Concurrent Processing¶
Haiway provides powerful tools for concurrent and parallel processing within its functional
programming paradigm. Built on Python's asyncio, the framework offers structured concurrency
through the context system (ctx.spawn) and advanced patterns through helper utilities. This guide
explains how to effectively use these tools to build high-performance concurrent applications.
Core Concepts¶
Structured Concurrency¶
Haiway follows structured concurrency where tasks are managed through scope task groups:
- Tasks spawned within a scope run in its task group; they keep running until they finish or are cancelled.

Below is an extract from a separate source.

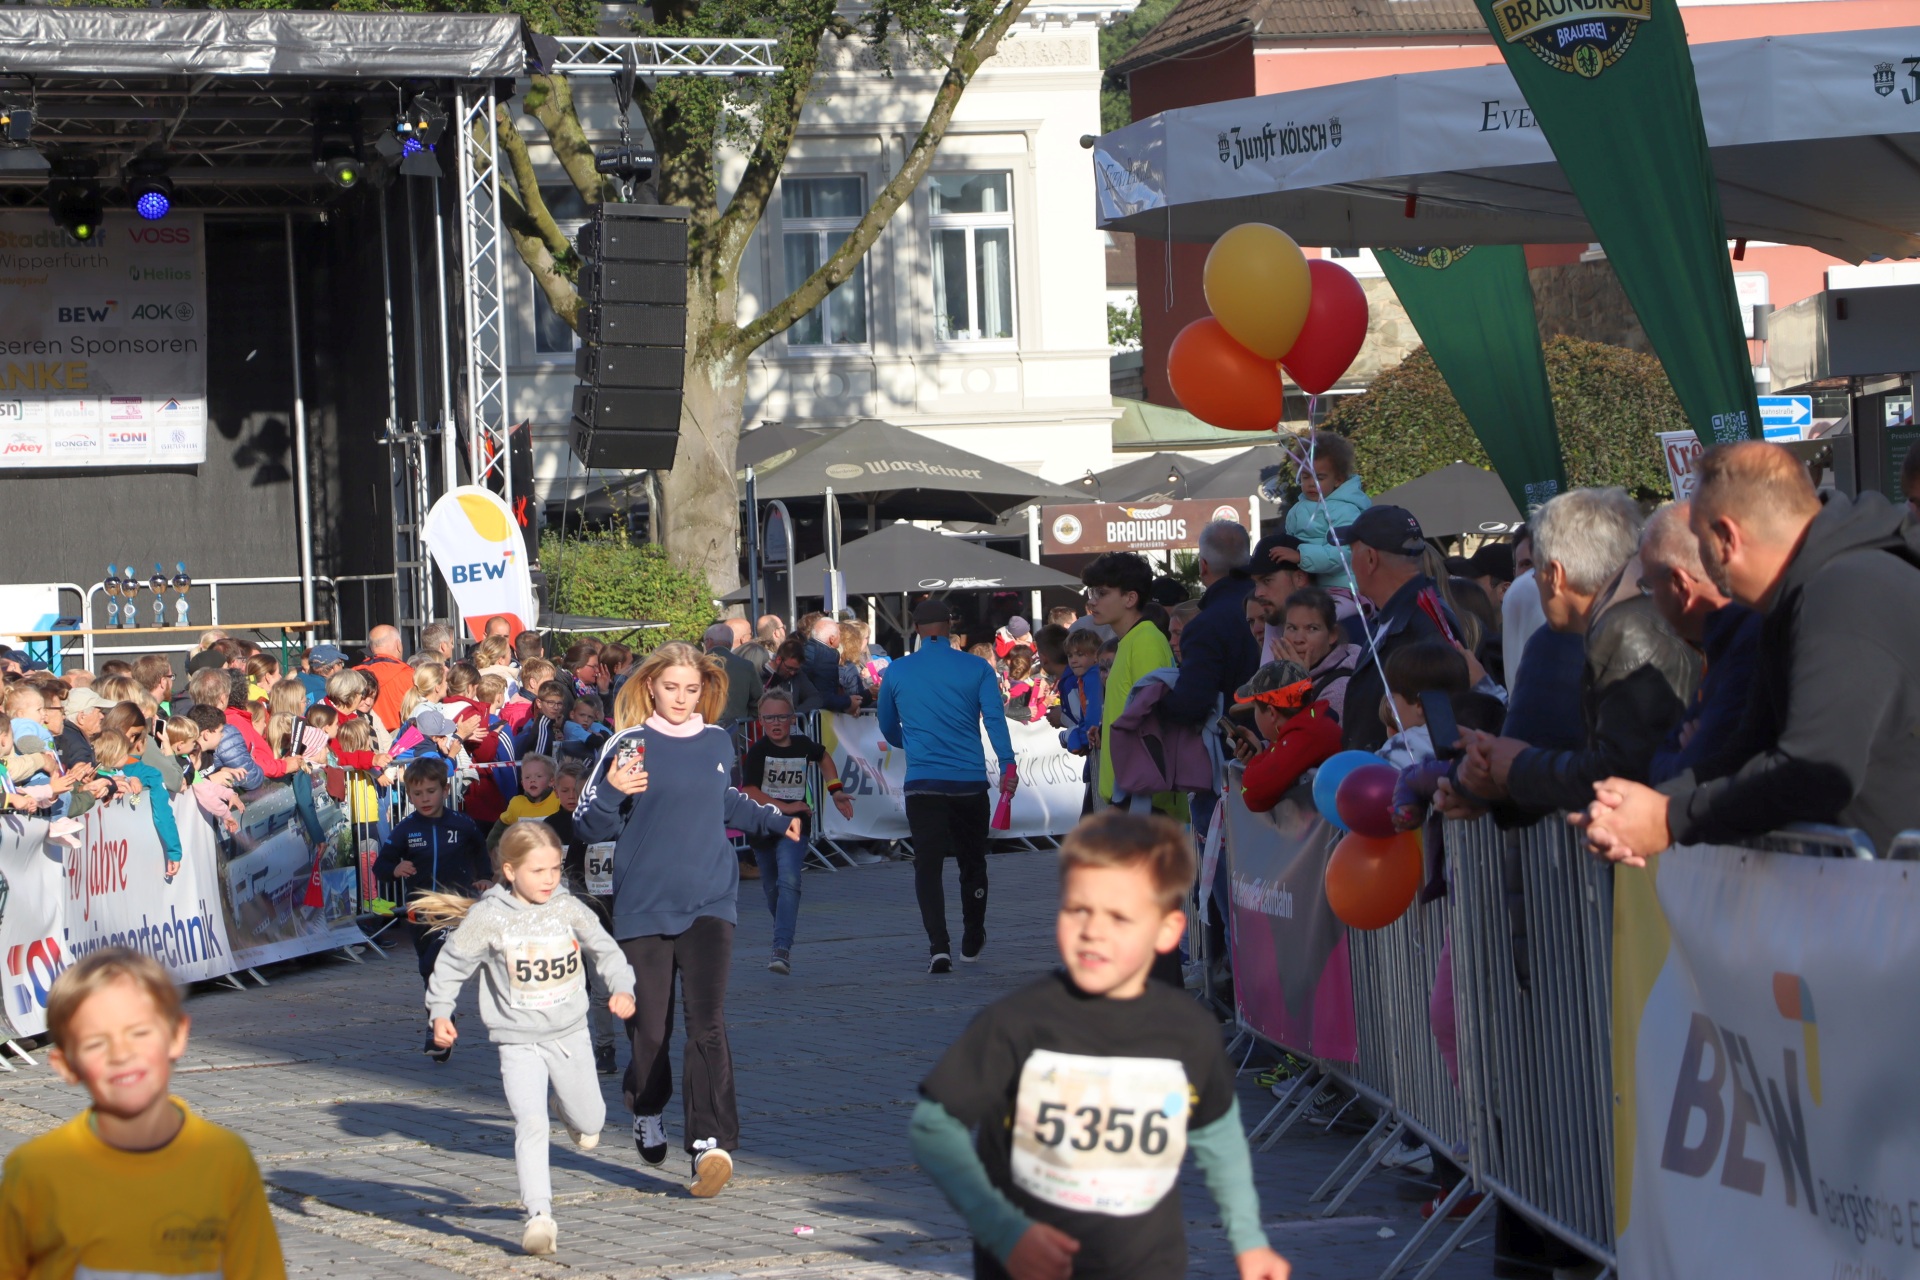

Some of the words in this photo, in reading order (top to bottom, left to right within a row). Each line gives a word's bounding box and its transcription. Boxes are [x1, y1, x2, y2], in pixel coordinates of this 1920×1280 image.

- Exceptions in child tasks can propagate to parent scopes.
- Resources are properly cleaned up through the scope lifecycle.
- Task isolation ensures independent execution contexts.
Context Propagation¶
When spawning tasks, Haiway preserves the execution context:
- State objects remain accessible via
ctx.state() - Logging maintains proper scope identification
- Observability tracking continues across task boundaries
- Variables are isolated per task (not inherited from parent)
Basic Task Spawning¶
The fundamental building block for concurrency in Haiway is ctx.spawn(), which creates tasks
within the current scope's task group:
from haiway import ctx
import asyncio
async def process_item(item_id: str) -> dict:
# Access context state within spawned task
config = ctx.state(ProcessingConfig)
ctx.log_info(f"Processing item {item_id}")
# Simulate async work
await asyncio.sleep(1)
return {"id": item_id, "status": "completed"}
async def main():
async with ctx.scope("processor"):
# Spawn multiple tasks
task1 = ctx.spawn(process_item, "item-1")

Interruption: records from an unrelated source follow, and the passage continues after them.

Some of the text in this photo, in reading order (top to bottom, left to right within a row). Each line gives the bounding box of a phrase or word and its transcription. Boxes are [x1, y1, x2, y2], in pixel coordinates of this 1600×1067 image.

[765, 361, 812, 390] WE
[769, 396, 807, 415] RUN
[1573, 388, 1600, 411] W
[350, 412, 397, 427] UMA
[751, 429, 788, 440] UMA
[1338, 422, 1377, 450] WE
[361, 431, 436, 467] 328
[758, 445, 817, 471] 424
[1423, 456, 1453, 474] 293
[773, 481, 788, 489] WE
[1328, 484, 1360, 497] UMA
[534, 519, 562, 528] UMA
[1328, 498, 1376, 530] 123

task2 = ctx.spawn(process_item, "item-2")
task3 = ctx.spawn(process_item, "item-3")
# Tasks run concurrently
results = await asyncio.gather(task1, task2, task3)

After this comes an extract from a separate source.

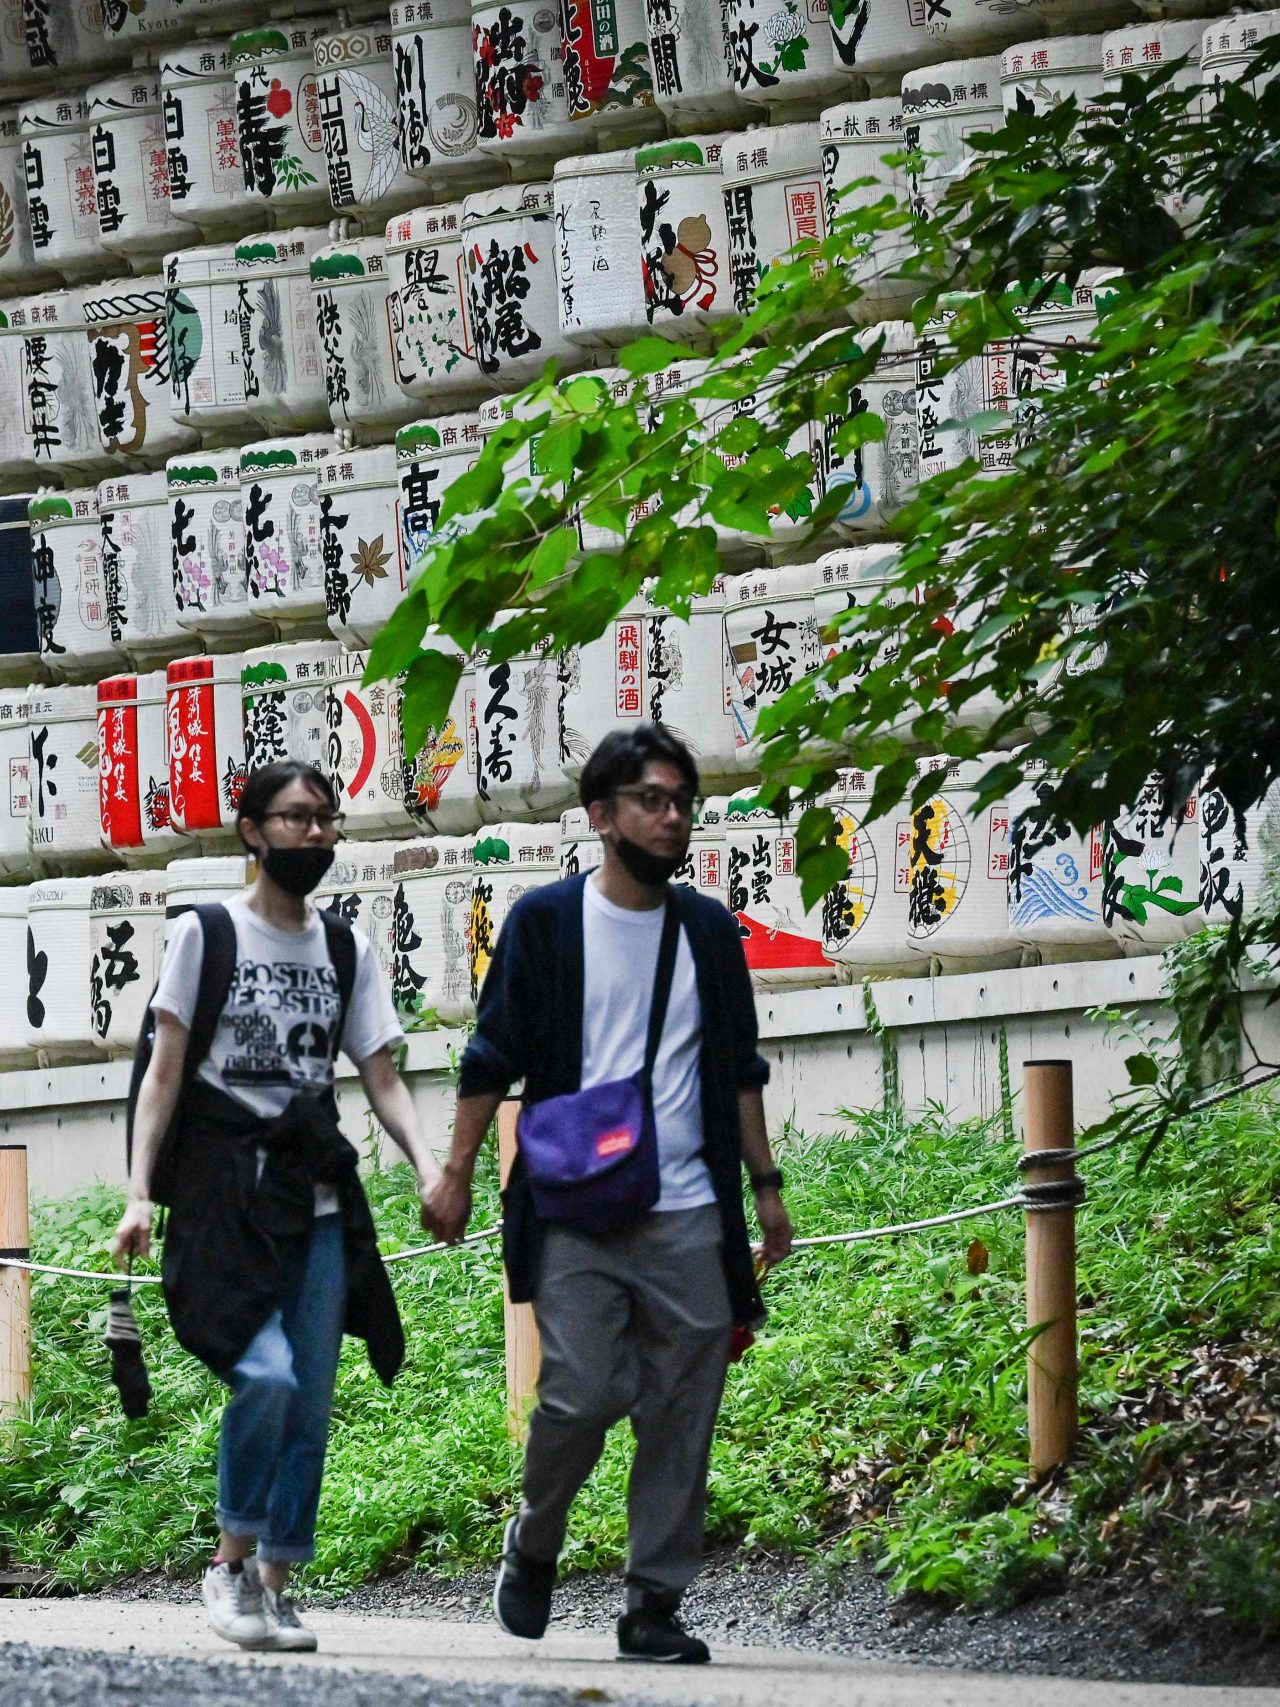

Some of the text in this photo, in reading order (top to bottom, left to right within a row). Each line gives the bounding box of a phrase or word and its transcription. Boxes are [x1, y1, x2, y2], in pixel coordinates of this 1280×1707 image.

ctx.log_info(f"Processed {len(results)} items")
Fire-and-Forget Tasks¶
Tasks spawned with ctx.spawn() don't need to be awaited explicitly:
async def background_task():
while True:
ctx.check_cancellation() # Cooperative cancellation
await process_queue_item()
await asyncio.sleep(1)
async def main():
async with ctx.scope("app"):
# Spawn background task
ctx.spawn(background_task)
# Do other work
await handle_requests()
# Background task is cancelled only if you cancel it or the task group raises;
# otherwise it runs to completion before scope exit
Task Cancellation¶
Tasks support cooperative cancellation through the context API:
async def long_running_task():
for i in range(100):
ctx.check_cancellation() # Raises CancelledError if cancelled
await process_batch(i)
async def main():
async with ctx.scope("batch"):
task = ctx.spawn(long_running_task)
# Cancel after timeout
await asyncio.sleep(10)
ctx.cancel() # Cancels current task
# or
task.cancel() # Cancel specific task
Streaming with Context¶
The ctx.stream() method enables async generators to run in proper context:
async def generate_items() -> AsyncGenerator[str, None]:
for i in range(10):
yield f"item-{i}"
await asyncio.sleep(0.1)
async def main():
async with ctx.scope("streamer"):
# Stream runs in its own context
async for item in ctx.stream(generate_items):
ctx.log_info(f"Received: {item}")
Concurrent Processing Helpers¶
The haiway.helpers.concurrent module provides four specialized functions for common concurrent
processing patterns. All functions integrate with Haiway's context system and provide controlled
parallelism.
process_concurrently¶
Process elements from an iterable without collecting results. Ideal for side-effect operations like notifications, logging, or data transformations.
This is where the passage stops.